--- Dataset entries Enclosed Below ---

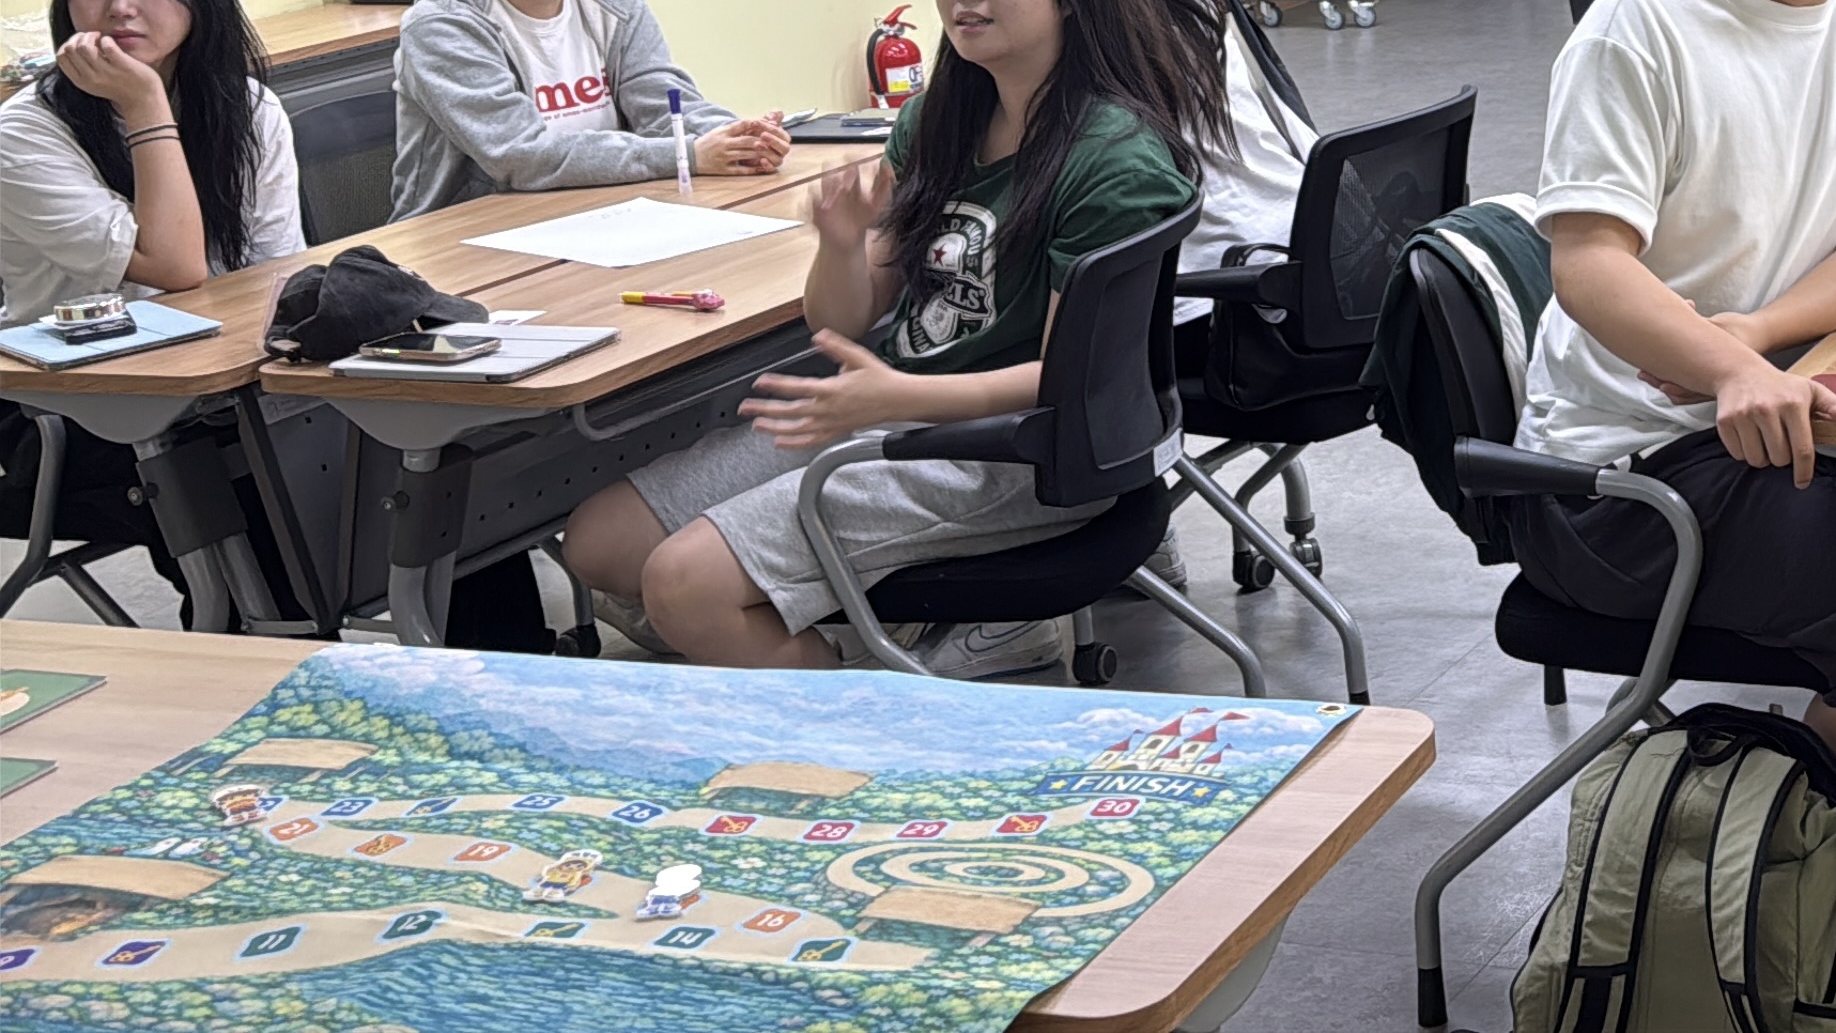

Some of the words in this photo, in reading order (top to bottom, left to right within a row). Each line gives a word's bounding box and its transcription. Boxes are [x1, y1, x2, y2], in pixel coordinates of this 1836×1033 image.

[1070, 774, 1196, 797] FINISH
[330, 800, 361, 813] 23
[521, 796, 551, 807] 25
[1096, 800, 1132, 814] 30
[626, 805, 656, 818] 26
[278, 822, 310, 835] 21
[811, 824, 846, 838] 28
[904, 823, 940, 836] 29
[467, 846, 499, 857] 19
[397, 915, 427, 932] 12
[756, 913, 785, 928] 16
[258, 934, 287, 950] 11
[671, 930, 702, 943] 14
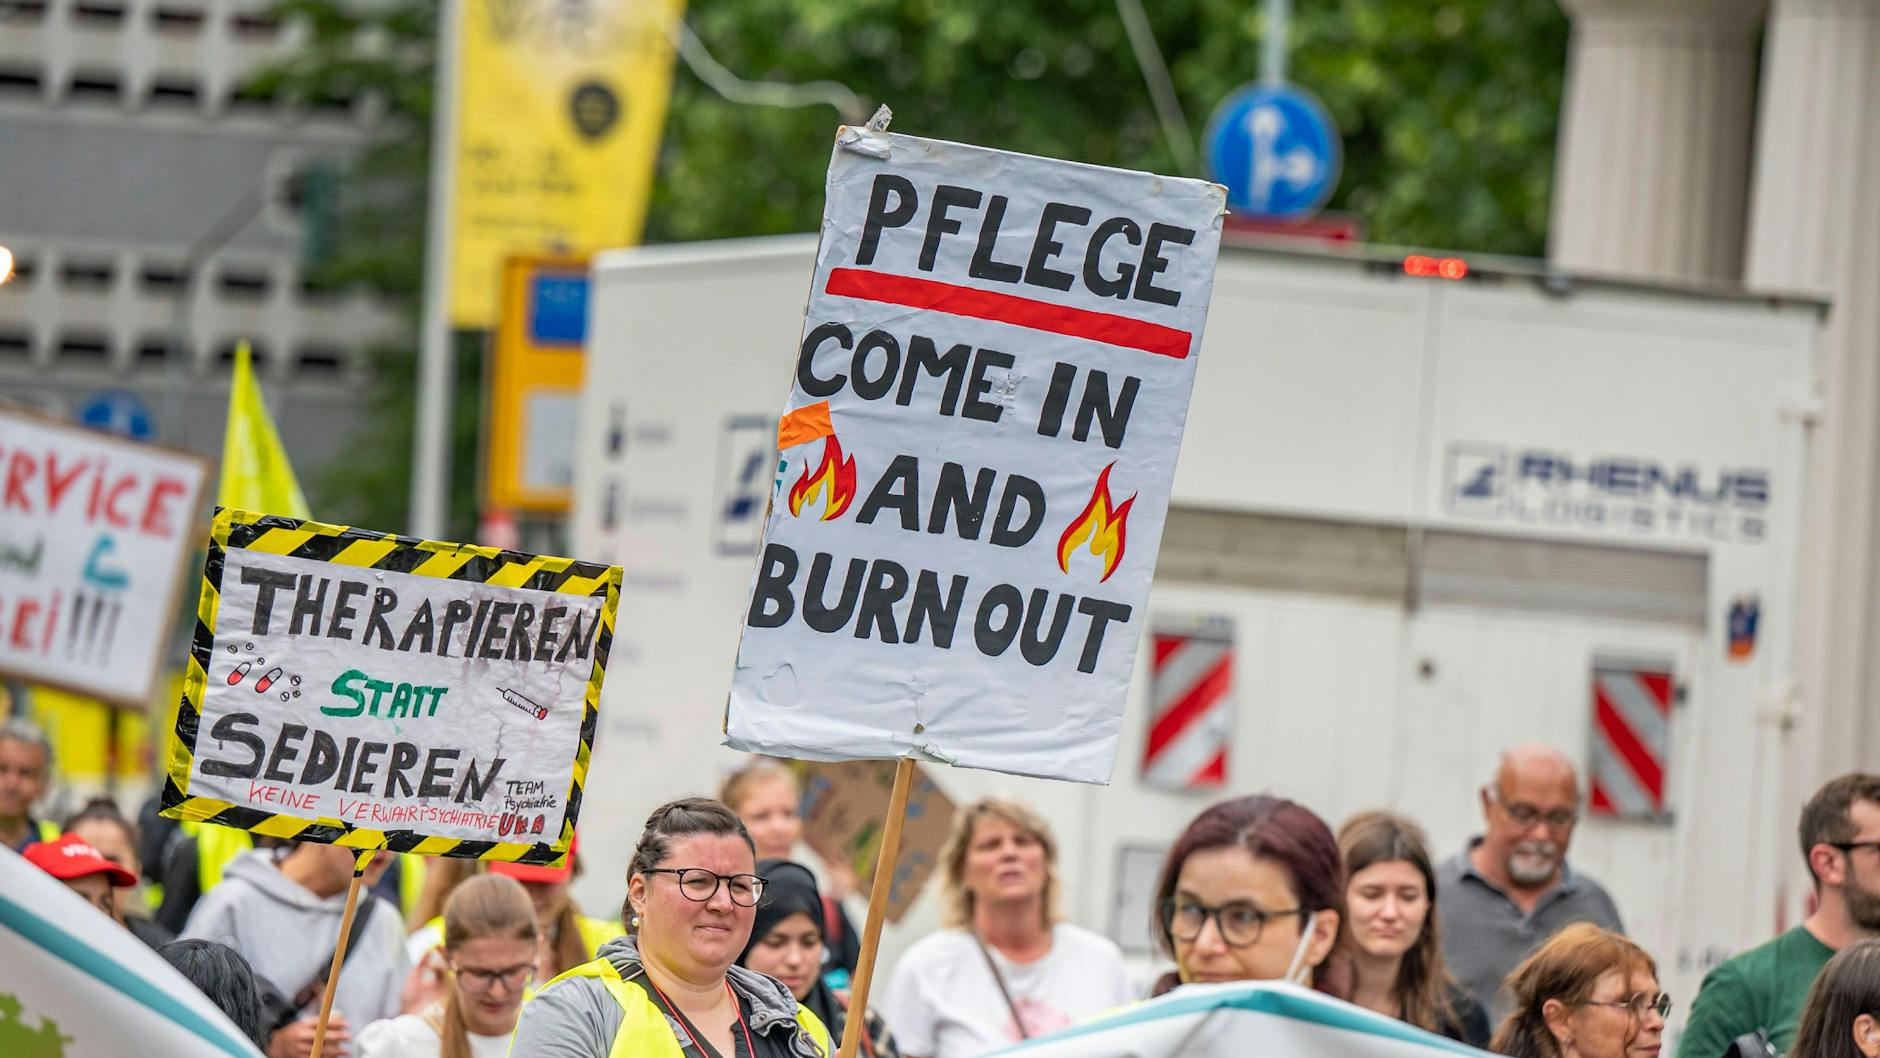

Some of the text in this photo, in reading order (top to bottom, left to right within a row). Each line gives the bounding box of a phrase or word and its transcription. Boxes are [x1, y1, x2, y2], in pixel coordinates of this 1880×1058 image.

[856, 174, 1195, 307] PFLEGE
[797, 321, 1141, 449] COME IN
[856, 455, 1046, 548] AND
[1518, 452, 1771, 508] RHENUS
[1512, 501, 1767, 541] LOGISTICS
[241, 566, 600, 662] THERAPIEREN
[320, 669, 448, 718] STATT
[200, 713, 506, 802] SEDIEREN
[249, 780, 321, 810] KEINE
[504, 794, 557, 815] Psychiatrie
[506, 781, 544, 796] TEAM
[498, 812, 546, 836] UKA
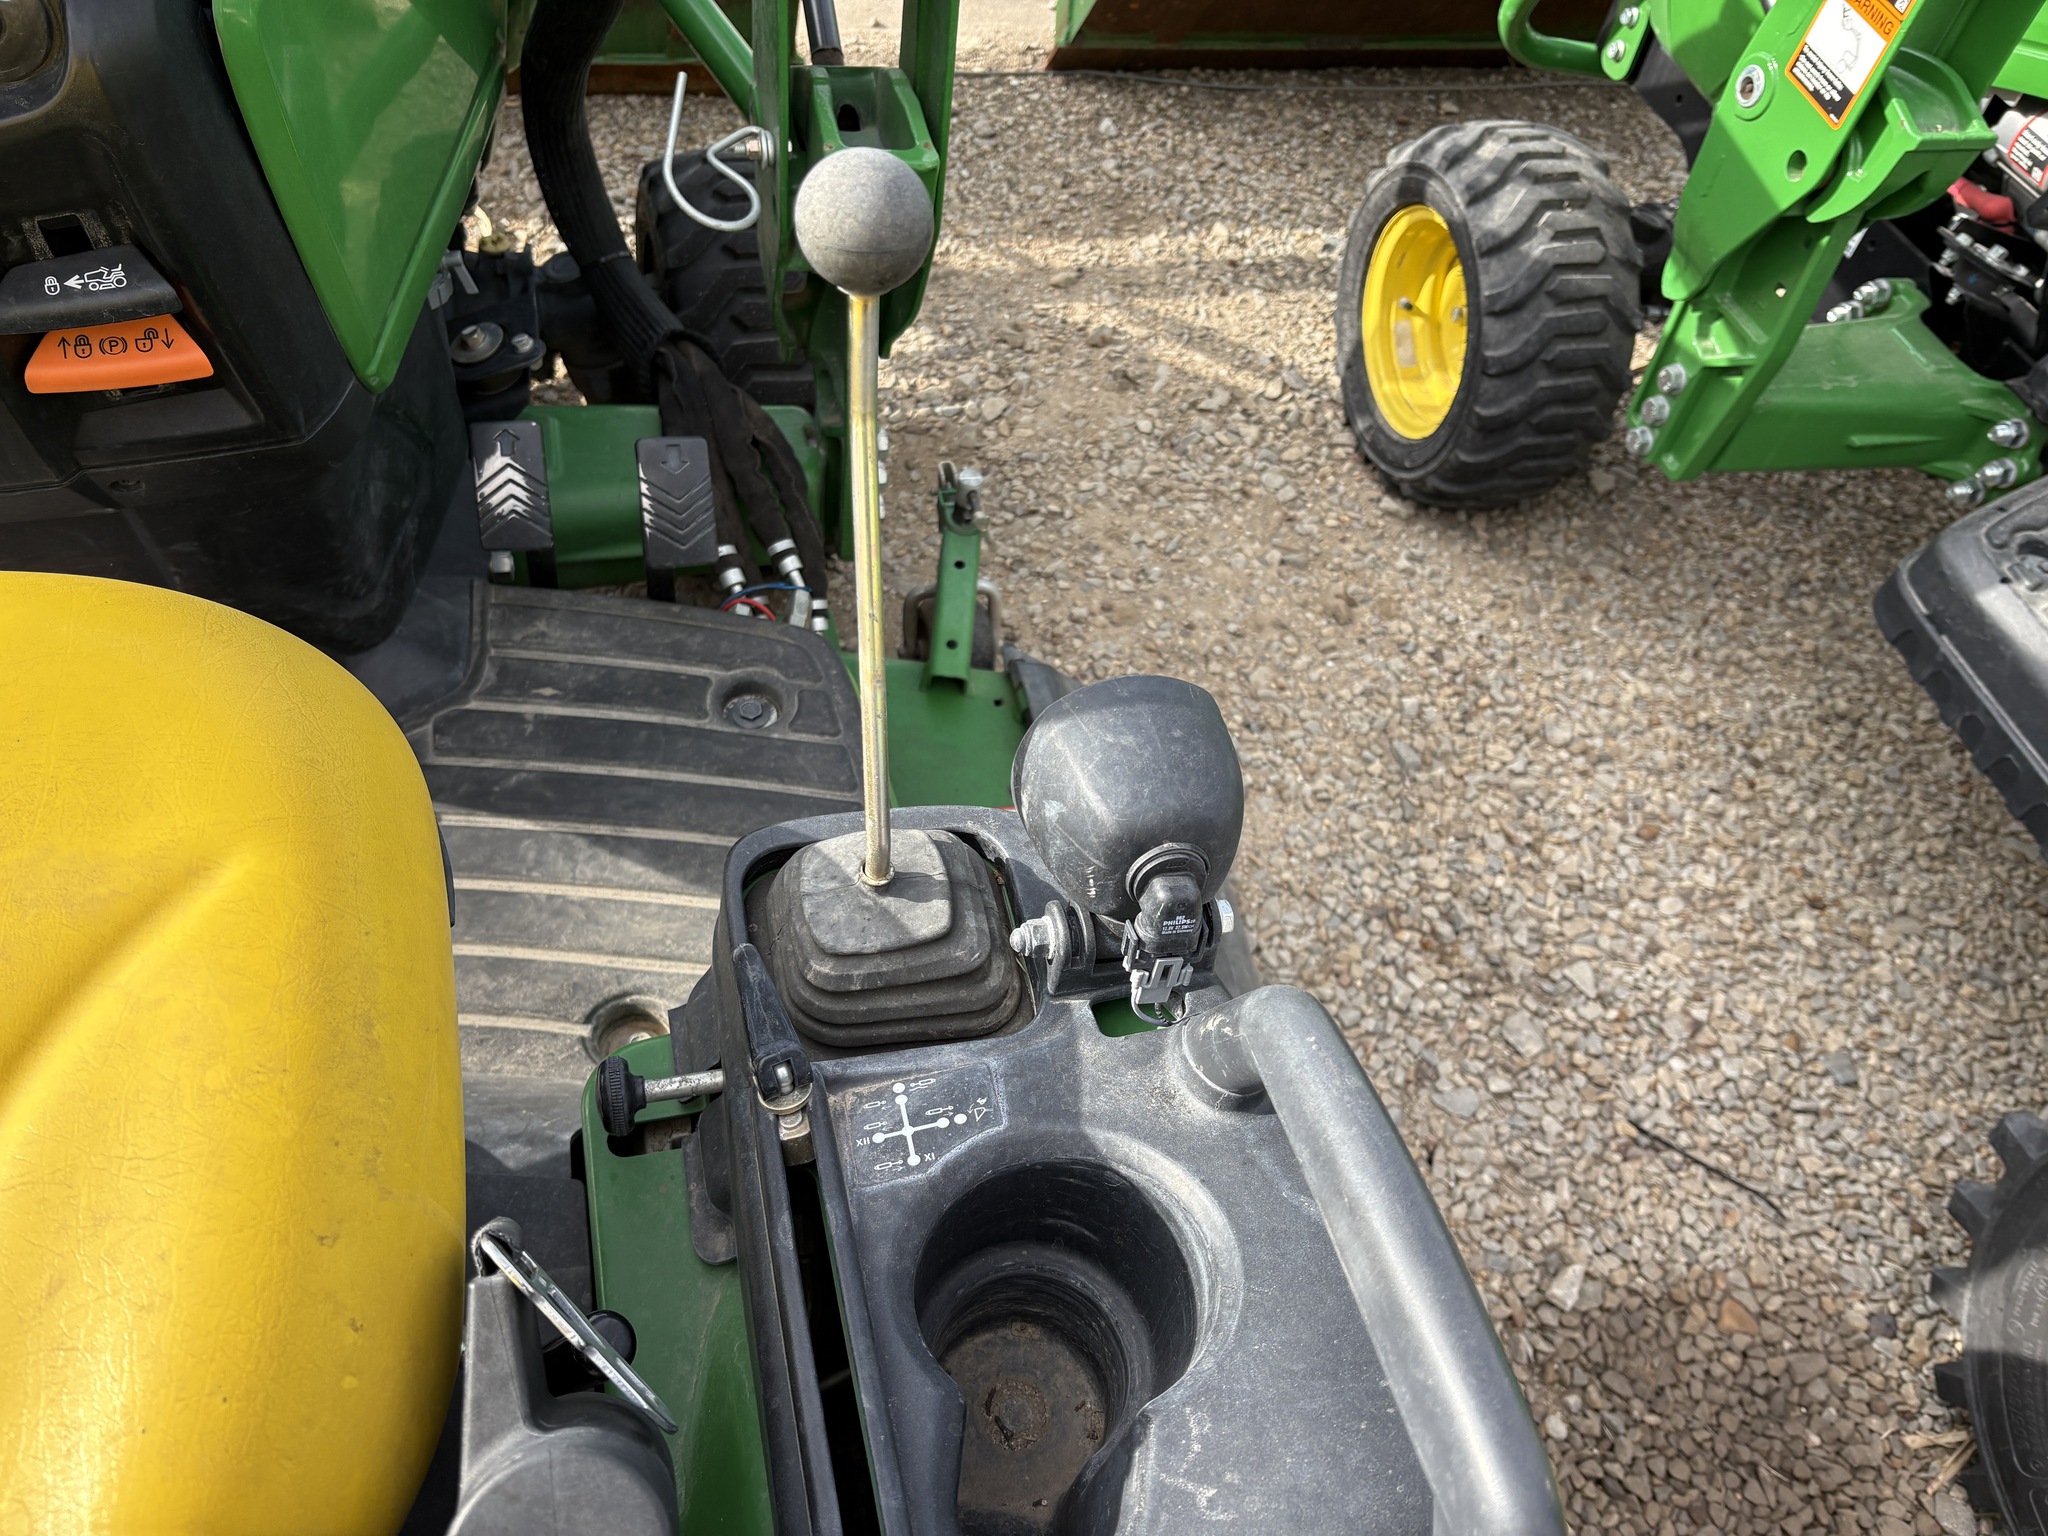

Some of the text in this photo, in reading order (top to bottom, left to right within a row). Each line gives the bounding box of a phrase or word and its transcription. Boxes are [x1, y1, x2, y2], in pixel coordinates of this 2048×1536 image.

[1853, 0, 1894, 35] ARNING
[856, 1137, 870, 1147] XII
[924, 1152, 936, 1162] XI
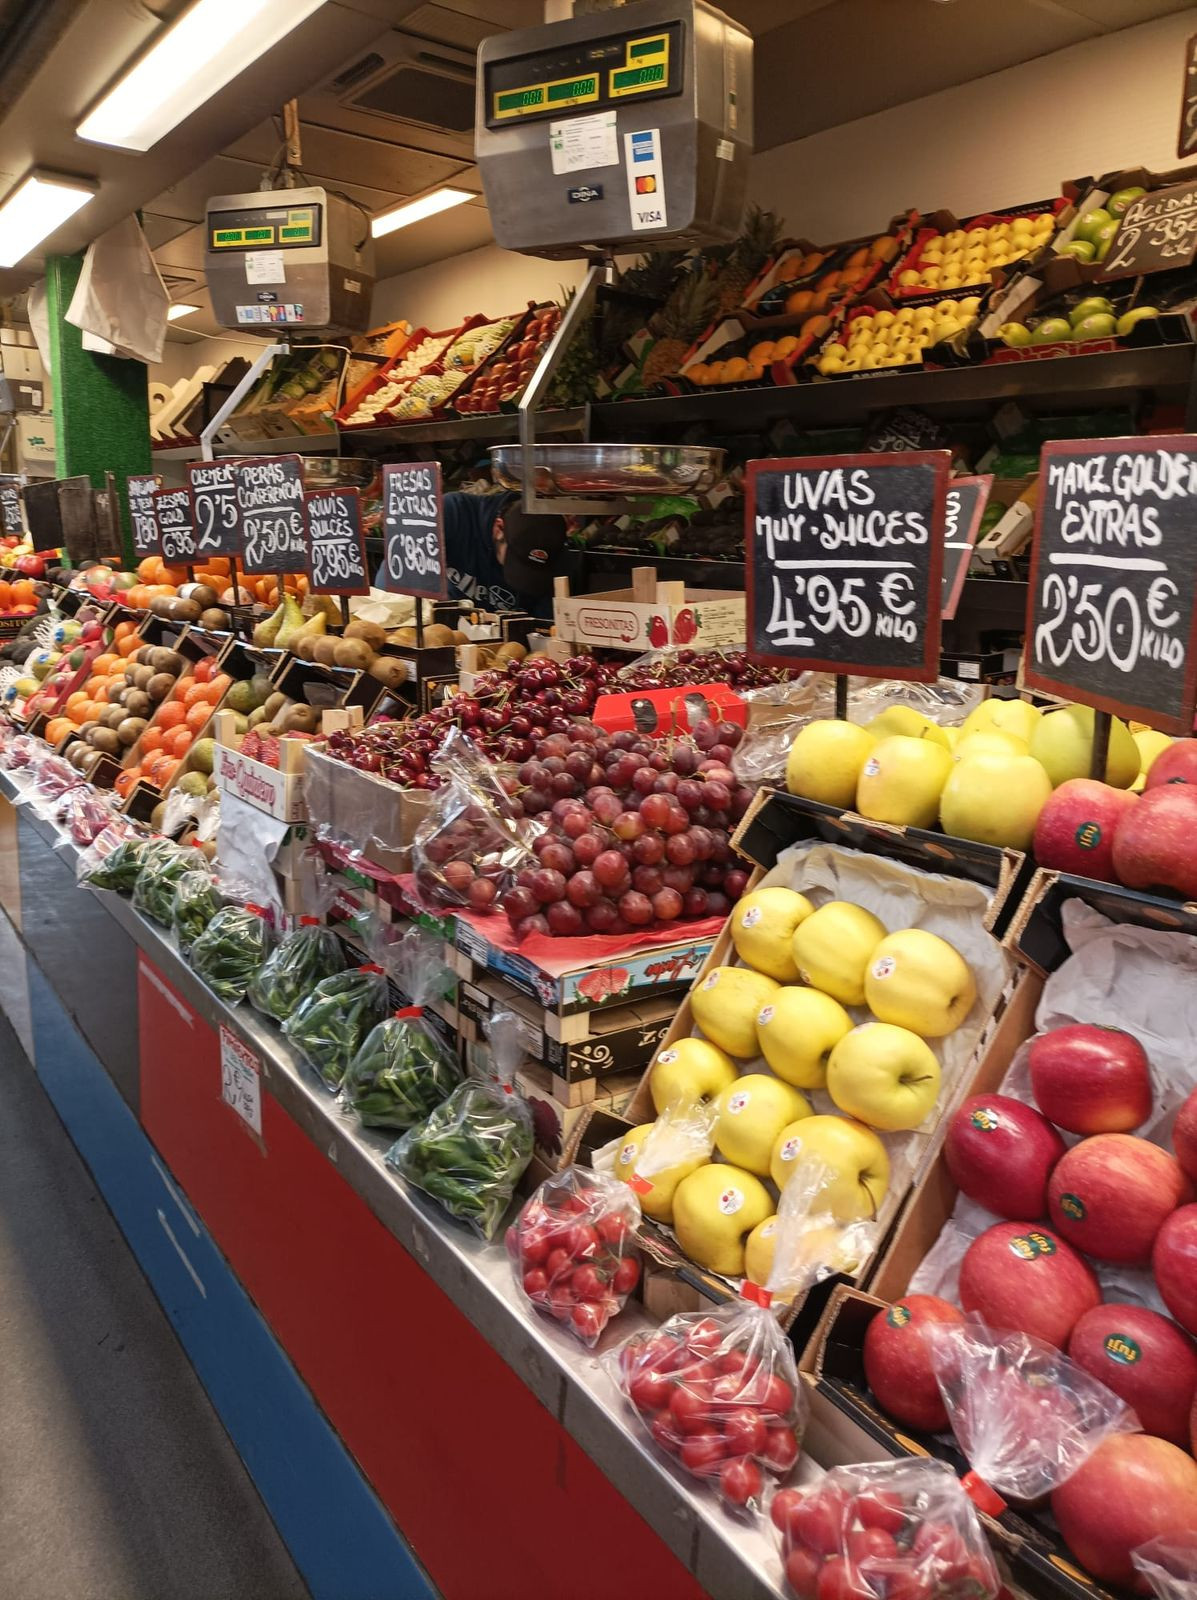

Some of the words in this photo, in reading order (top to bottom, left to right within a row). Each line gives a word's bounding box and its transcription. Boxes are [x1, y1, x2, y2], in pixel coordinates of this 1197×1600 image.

[637, 211, 662, 224] VISA
[241, 463, 285, 488] PERAS
[389, 469, 432, 493] FRESAS
[237, 478, 304, 508] CONFERENCIA
[784, 468, 876, 511] UVAS
[159, 508, 184, 525] GOLD
[389, 494, 438, 517] EXTRAS
[310, 518, 353, 539] DULCES
[1061, 500, 1162, 548] EXTRAS
[875, 612, 918, 643] KILO
[1140, 623, 1184, 669] KILO
[1106, 1338, 1137, 1361] fuji

--- End of Enclosed Dataset entries ---

Line by line, print the records above exactly, skipping each picture.

Some of the words in this photo, in reading order (top to bottom, left to right within a row). Each line gives a word's bounding box and its transcription. Boxes are [x1, y1, x2, y2], in pixel coordinates of this 1836×1033 image.

[1070, 774, 1196, 797] FINISH
[330, 800, 361, 813] 23
[521, 796, 551, 807] 25
[1096, 800, 1132, 814] 30
[626, 805, 656, 818] 26
[278, 822, 310, 835] 21
[811, 824, 846, 838] 28
[904, 823, 940, 836] 29
[467, 846, 499, 857] 19
[397, 915, 427, 932] 12
[756, 913, 785, 928] 16
[258, 934, 287, 950] 11
[671, 930, 702, 943] 14

Some of the text in this photo, in reading order (top to bottom, left to right within a row). Each line gives the bounding box of a phrase or word and its transcription. Boxes are [x1, y1, x2, y2], in pixel coordinates of this 1880×1058 image.

[856, 174, 1195, 307] PFLEGE
[797, 321, 1141, 449] COME IN
[856, 455, 1046, 548] AND
[1518, 452, 1771, 508] RHENUS
[1512, 501, 1767, 541] LOGISTICS
[241, 566, 600, 662] THERAPIEREN
[320, 669, 448, 718] STATT
[200, 713, 506, 802] SEDIEREN
[249, 780, 321, 810] KEINE
[504, 794, 557, 815] Psychiatrie
[506, 781, 544, 796] TEAM
[498, 812, 546, 836] UKA

Some of the text in this photo, in reading order (top to bottom, left to right within a row). Each line gives the bounding box of a phrase or word and its transcription. Boxes are [x1, y1, x2, y2], in pixel coordinates of this 2048×1536 image.

[1853, 0, 1894, 35] ARNING
[856, 1137, 870, 1147] XII
[924, 1152, 936, 1162] XI

Some of the words in this photo, in reading order (top to bottom, left to right within a row). Each line gives a word's bounding box and its transcription. Boxes are [x1, y1, x2, y2], in pixel coordinates of this 1197×1600 image.

[637, 211, 662, 224] VISA
[241, 463, 285, 488] PERAS
[389, 469, 432, 493] FRESAS
[237, 478, 304, 508] CONFERENCIA
[784, 468, 876, 511] UVAS
[159, 508, 184, 525] GOLD
[389, 494, 438, 517] EXTRAS
[310, 518, 353, 539] DULCES
[1061, 500, 1162, 548] EXTRAS
[875, 612, 918, 643] KILO
[1140, 623, 1184, 669] KILO
[1106, 1338, 1137, 1361] fuji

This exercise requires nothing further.